Den Grundstein für diese Erfolgsgeschichte legte eine wegweisende Partnerschaft mit Amazon Web Services.
Bis 2042 wird AWS mit bis zu 1.920 Megawatt CO2-freiem Strom aus Talens Kernkraftwerk Susquehanna versorgt. Diese Vereinbarung demonstriert die wachsende Bedeutung nuklearer Energie für Rechenzentren, da diese eine konstante, wetterunabhängige Stromversorgung ohne Kohlendioxid-Emissionen bietet. Jüngst erweiterte Talen seine Kapazitäten durch eine milliardenschwere Akquisition erheblich. Für 3,5 Mrd. USD erwirbt das Unternehmen zwei hocheffiziente Gas-Kombikraftwerke - das Moxie Freedom Energy Center in Pennsylvania und die Guernsey Power Station in Ohio. Diese Transaktion, die im vierten Quartal 2025 abgeschlossen werden soll, erhöht die jährliche Stromproduktion um 50 % von bislang 40 auf künftig 60 Terawattstunden.

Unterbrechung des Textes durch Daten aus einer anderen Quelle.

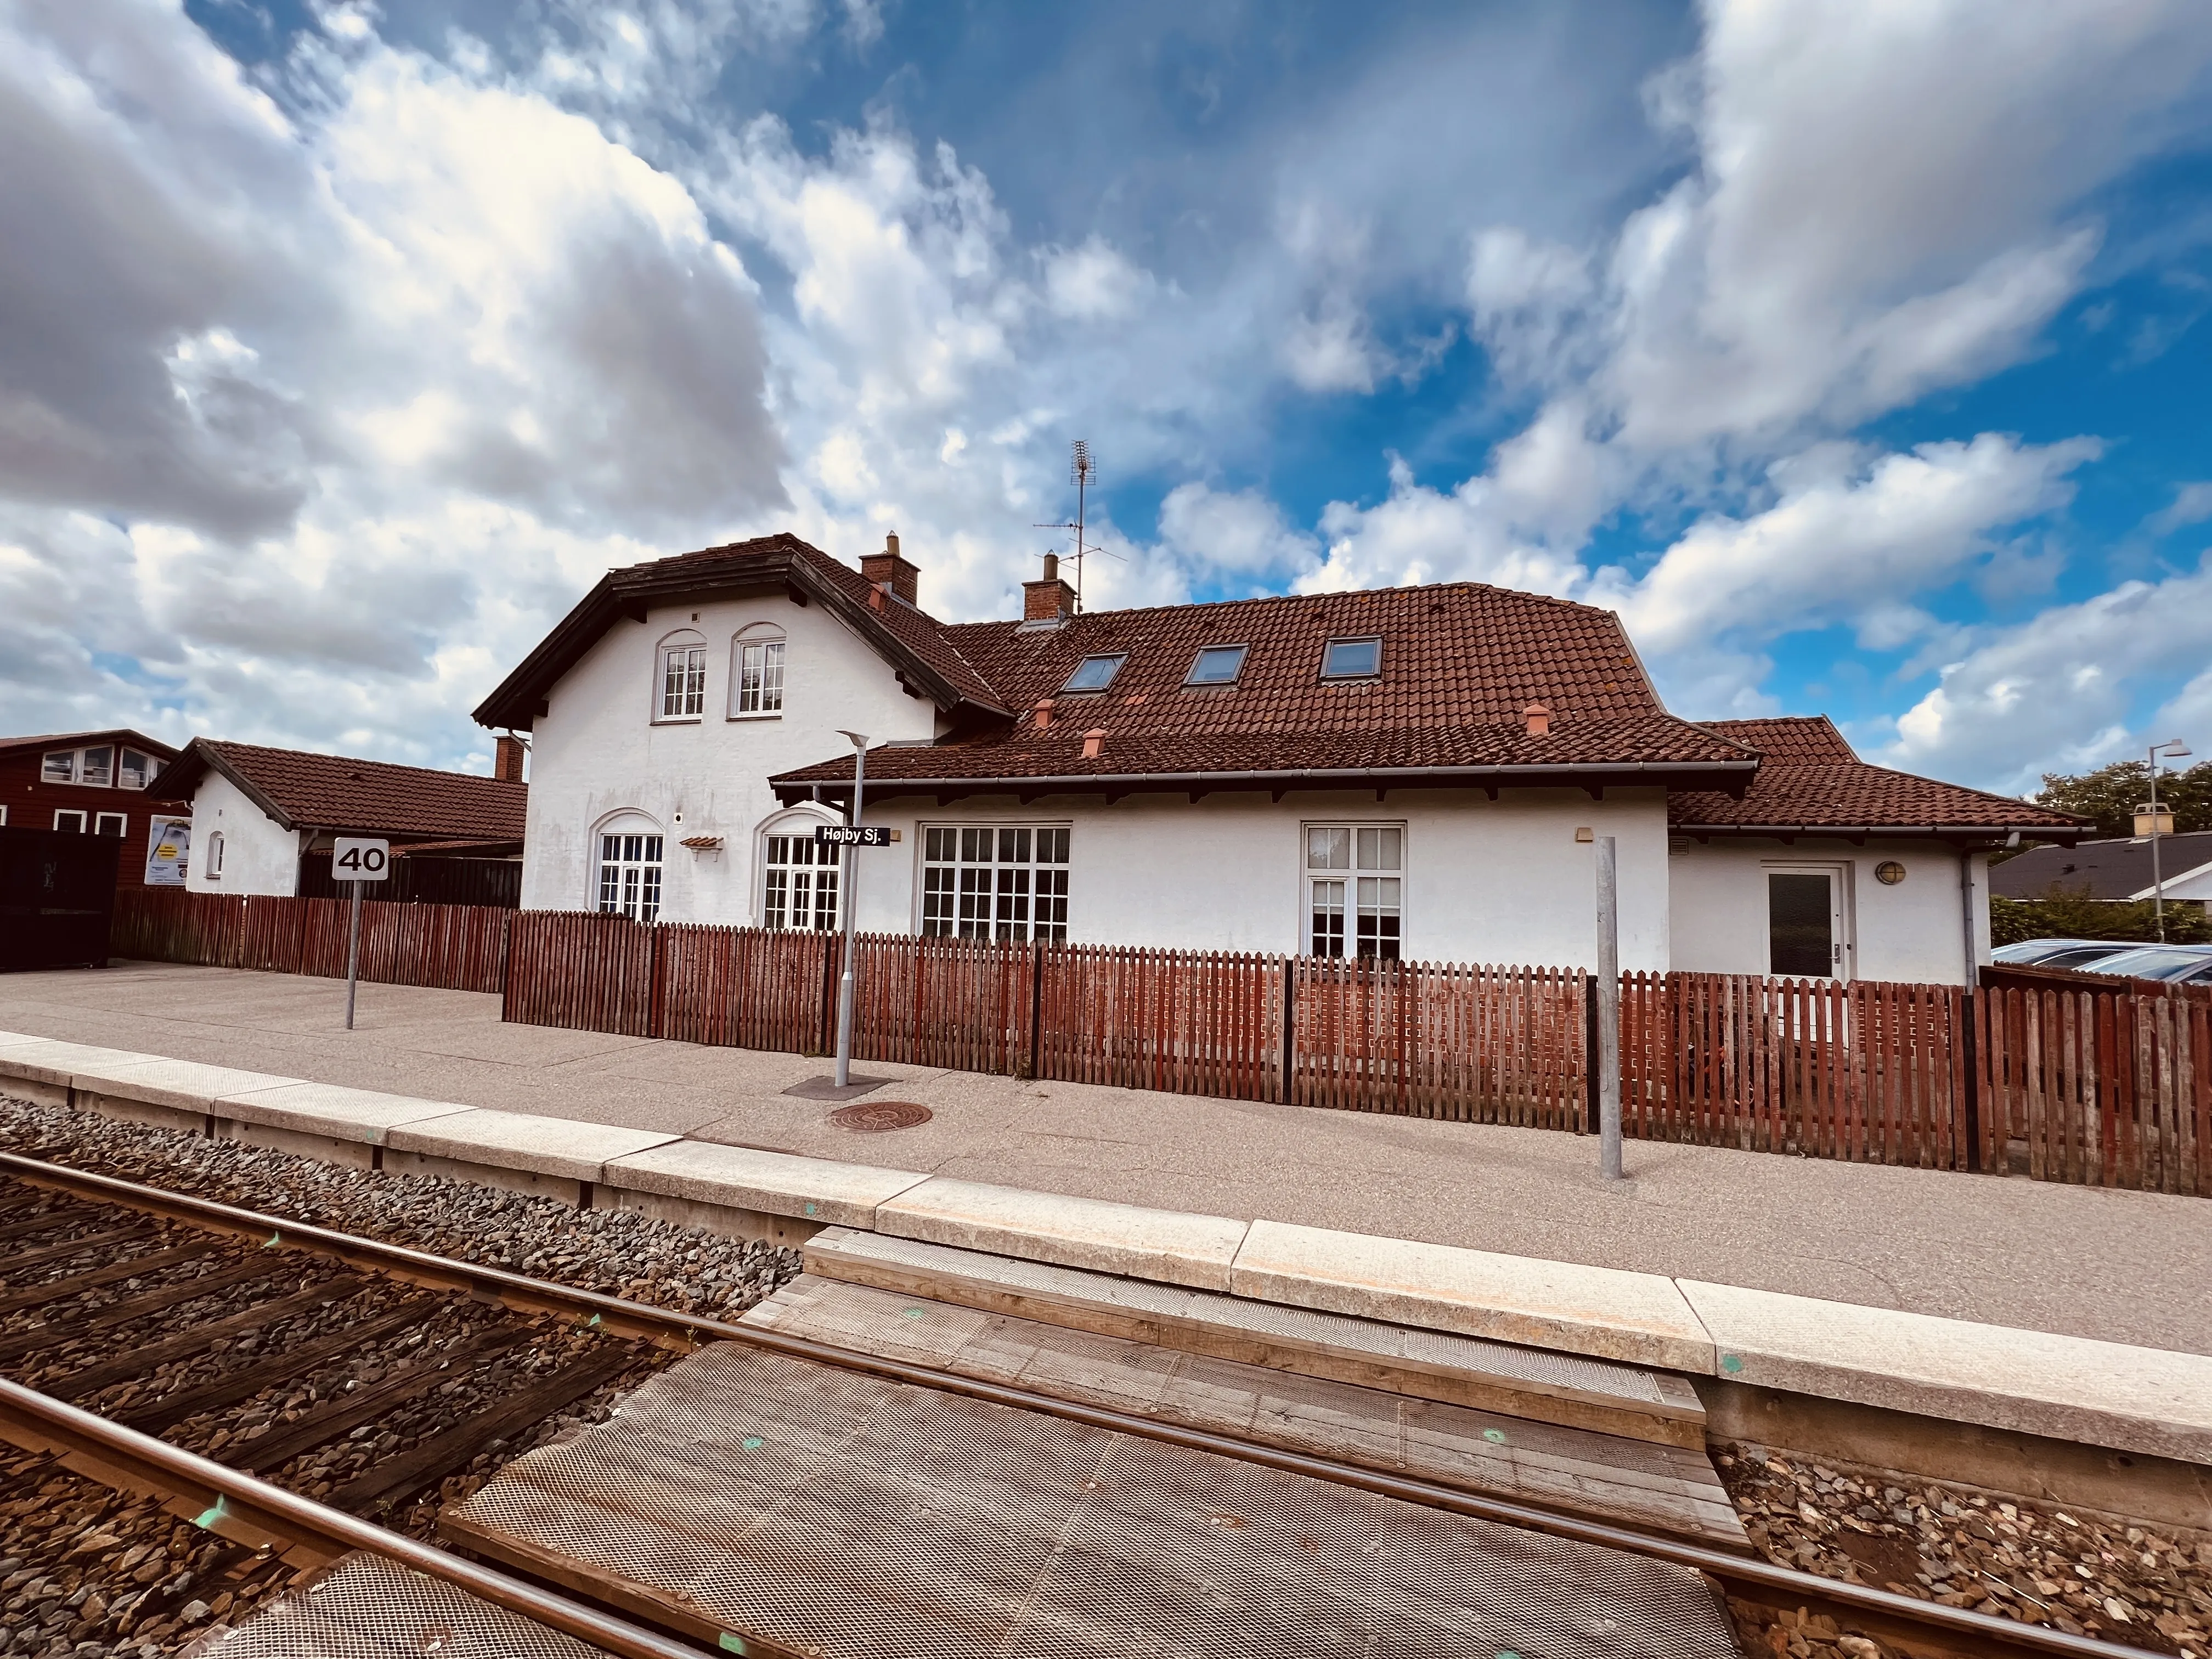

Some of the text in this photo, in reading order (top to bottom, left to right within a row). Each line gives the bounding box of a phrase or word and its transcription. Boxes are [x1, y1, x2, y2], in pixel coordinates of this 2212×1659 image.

[823, 827, 881, 844] Højby Sj.
[338, 848, 385, 872] 40

Die strategische Brillanz dieser Übernahme liegt in mehreren Faktoren: Die neuen Anlagen verfügen über eine erstklassige Wärmerate von durchschnittlich 6.550 Btu/kWh und profitieren von direktem Zugang zu den reichhaltigen Erdgasvorkommen der Marcellus- und Utica-Schieferformationen. Zudem erfolgte die Übernahme zu einem attraktiven Multiplikator von 6,7x auf das erwartete EBITDA 2026 - deutlich unter den aktuellen Neubaukosten vergleichbarer Kraftwerke. Das Management von Talen erwartet bereits ab 2026 eine Steigerung des Free Cashflows je Aktie um über 40 %, bis 2029 sogar um mehr als 50 %. Trotz der Finanzierung über 3,8 Mrd. USD an neuen Schulden bekräftigt das Unternehmen seine Absicht, die Verschuldung bis Ende 2026 auf maximal das 3,5-Fache des EBITDA zu senken. Gleichzeitig plant Talen weiterhin Aktienrückkäufe von jährlich rund 500 Mio. USD.

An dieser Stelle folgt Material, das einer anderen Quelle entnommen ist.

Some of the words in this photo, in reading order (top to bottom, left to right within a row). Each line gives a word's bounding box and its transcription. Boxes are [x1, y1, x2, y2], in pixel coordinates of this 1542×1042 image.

Oklo: Der Nuklear-Pionier mit Cooling-Innovation
Oklo repräsentiert eine völlig neue Generation von Nuklearunternehmen, die speziell auf die Anforderungen des KI-Zeitalters zugeschnitten sind. Das Startup hat sich auf kleine modulare Reaktoren spezialisiert, die weniger Energie als traditionelle Großreaktoren produzieren, aber einfacher zu konstruieren und zu installieren sind. Die Aktie ist in diesem Jahr um beeindruckende 194 % gestiegen und hat sich in den vergangenen zwölf Monaten fast versiebenfacht.

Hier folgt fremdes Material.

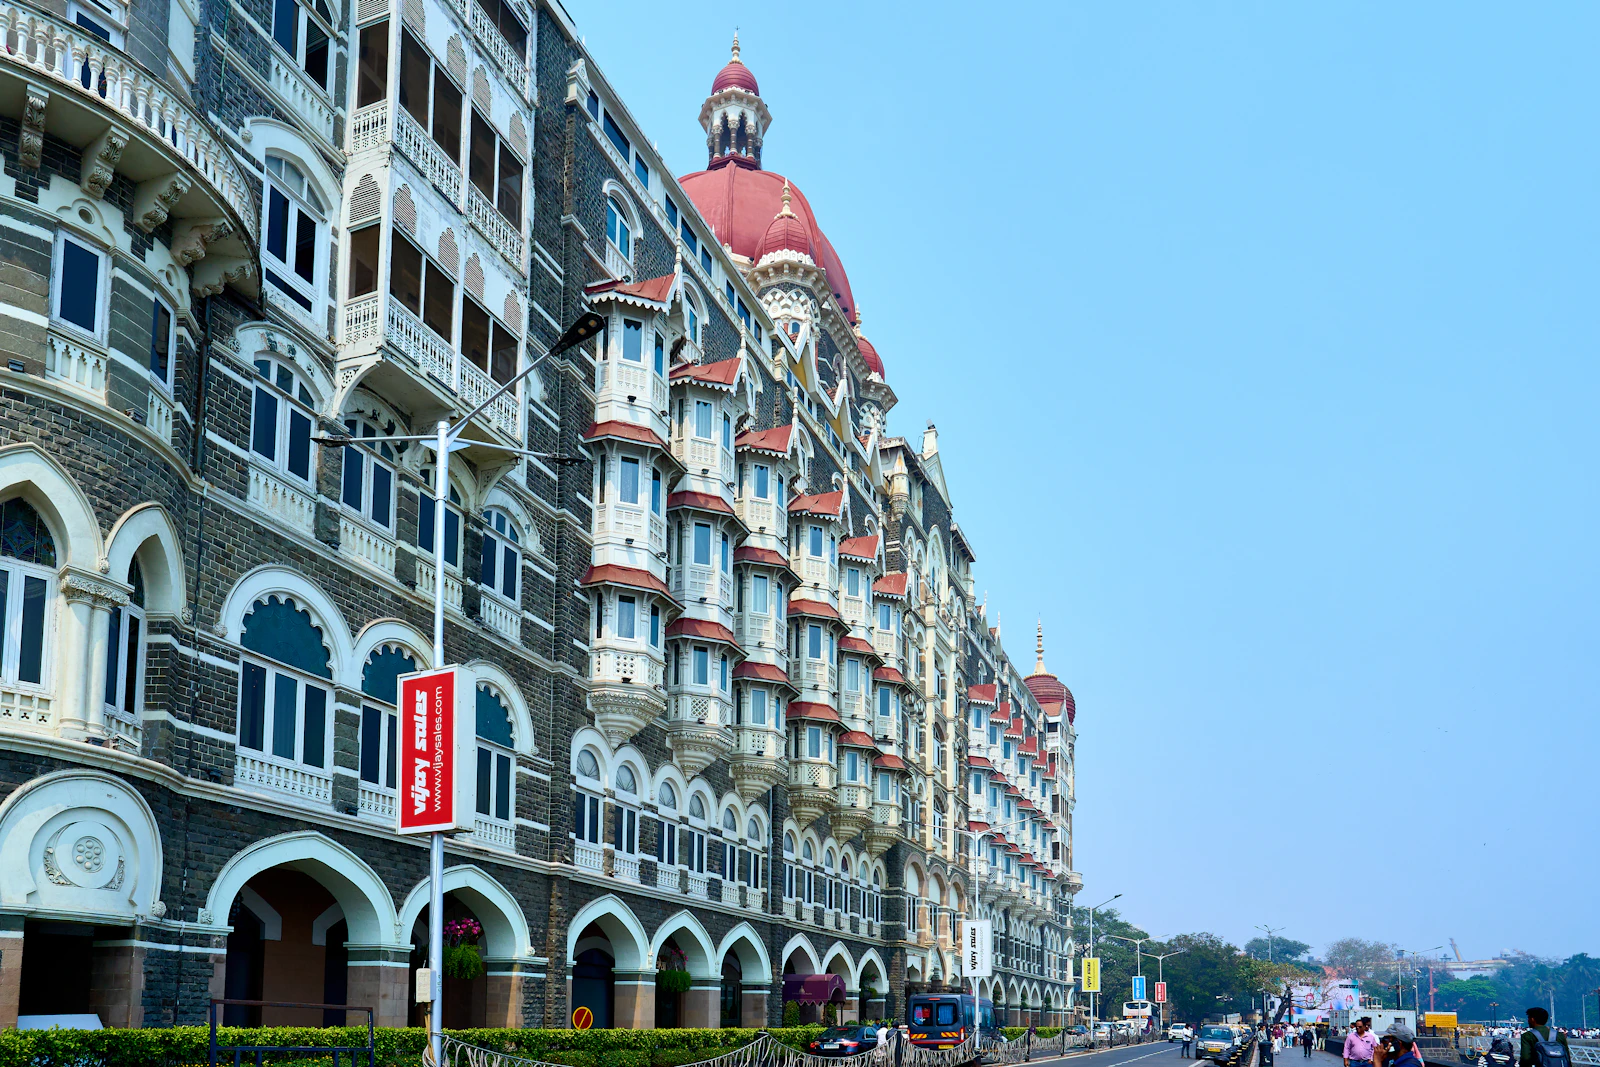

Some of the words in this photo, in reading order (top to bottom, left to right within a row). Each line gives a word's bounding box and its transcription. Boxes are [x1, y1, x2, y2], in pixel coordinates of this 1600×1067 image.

[413, 689, 428, 752] sales
[432, 686, 444, 812] www.vijaysales.com
[411, 757, 430, 815] vijay
[969, 951, 978, 970] vijay
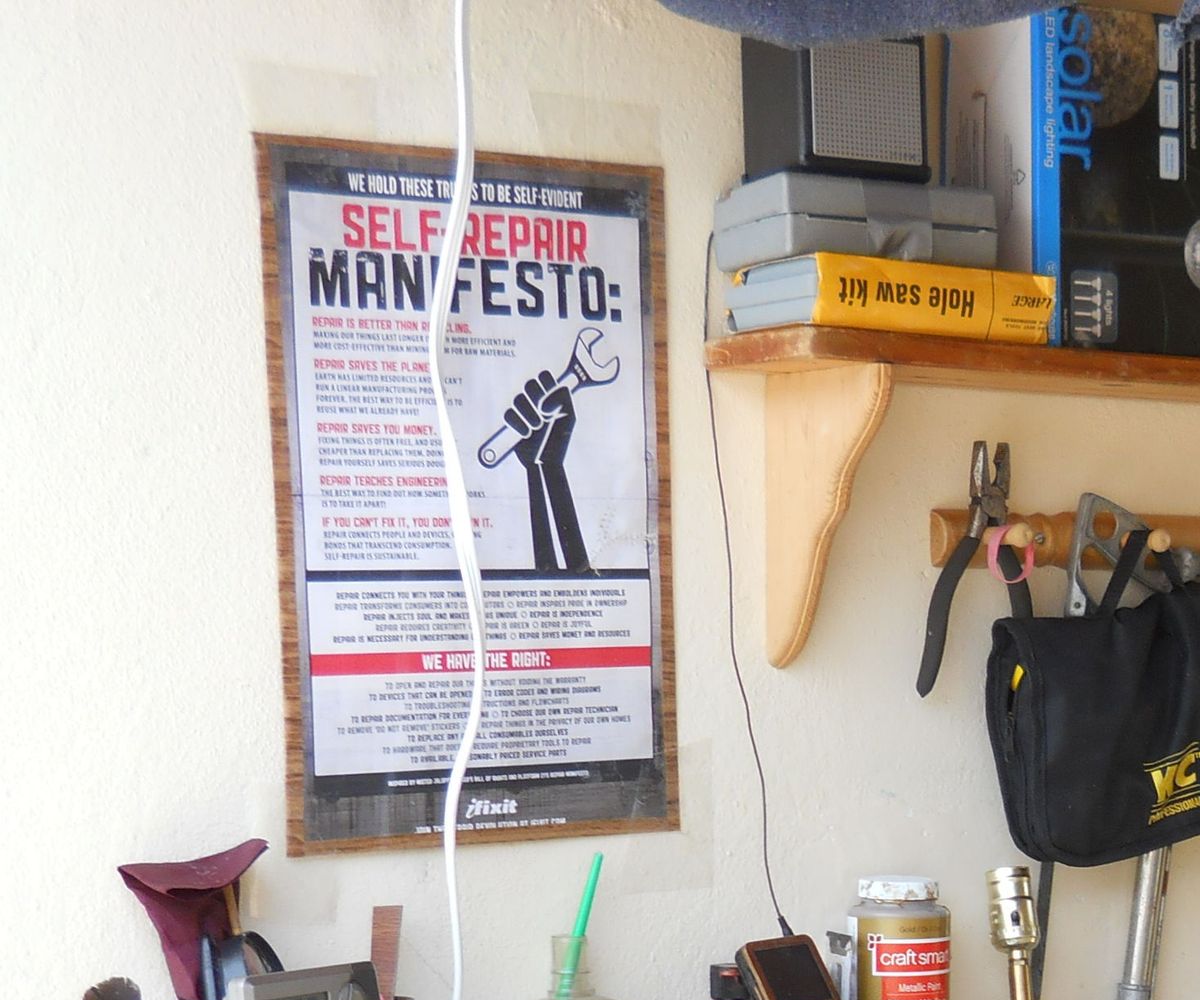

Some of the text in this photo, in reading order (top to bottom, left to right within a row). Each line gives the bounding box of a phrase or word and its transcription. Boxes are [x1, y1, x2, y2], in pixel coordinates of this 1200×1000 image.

[1043, 42, 1056, 114] landscape
[1059, 11, 1103, 171] solar
[1043, 119, 1056, 168] lighting
[348, 172, 583, 210] WE HOLD THESE TRUS TO BE SELF-EVIDENT
[838, 277, 975, 318] Hole saw kit
[1104, 300, 1114, 325] lights
[313, 317, 343, 328] REPAIR
[397, 320, 418, 331] THAN
[314, 359, 344, 370] REPAIR
[382, 361, 397, 372] THE
[402, 361, 430, 373] PLANE
[317, 423, 348, 433] REPAIR
[352, 424, 380, 434] SAVES
[384, 424, 400, 434] YOU
[320, 476, 350, 485] REPAIR
[397, 476, 448, 487] ENGINEERIN
[322, 517, 329, 527] IF
[334, 517, 350, 527] YOU
[382, 518, 395, 527] FIX
[413, 518, 429, 527] YOU
[421, 650, 551, 670] WE HAVE THE RIGHT:

Die jüngste Partnerschaft mit Vertiv Holdings zeigt, wie innovativ Oklo an die Herausforderungen der Datacenter-Kühlung herangeht.
Unter den Bedingungen einer Kooperationsvereinbarung entwickeln die Partner Systeme, die Wärme von einem vor Ort befindlichen Kraftwerk nutzen, um Kühlsysteme für Rechenzentren anzutreiben. Die Pilottechnologie-Demonstration ist für Oklos erstes Aurora-Kraftwerk im Idaho National Laboratory geplant. CEO Jacob DeWitte erläuterte die technologischen Vorteile: "Ein einzelnes Gramm nuklearen Brennstoffs enthält etwa eine Million Mal mehr Energie als ein Gramm Kohle oder Öl. Diese Art von Energiedichte ermöglicht es Oklo, industrielle Elektrizität und nutzbare Wärme aus einem kompakten Fußabdruck zu erzeugen, mit minimalem Abfall und null Kohlenstoff-Emissionen."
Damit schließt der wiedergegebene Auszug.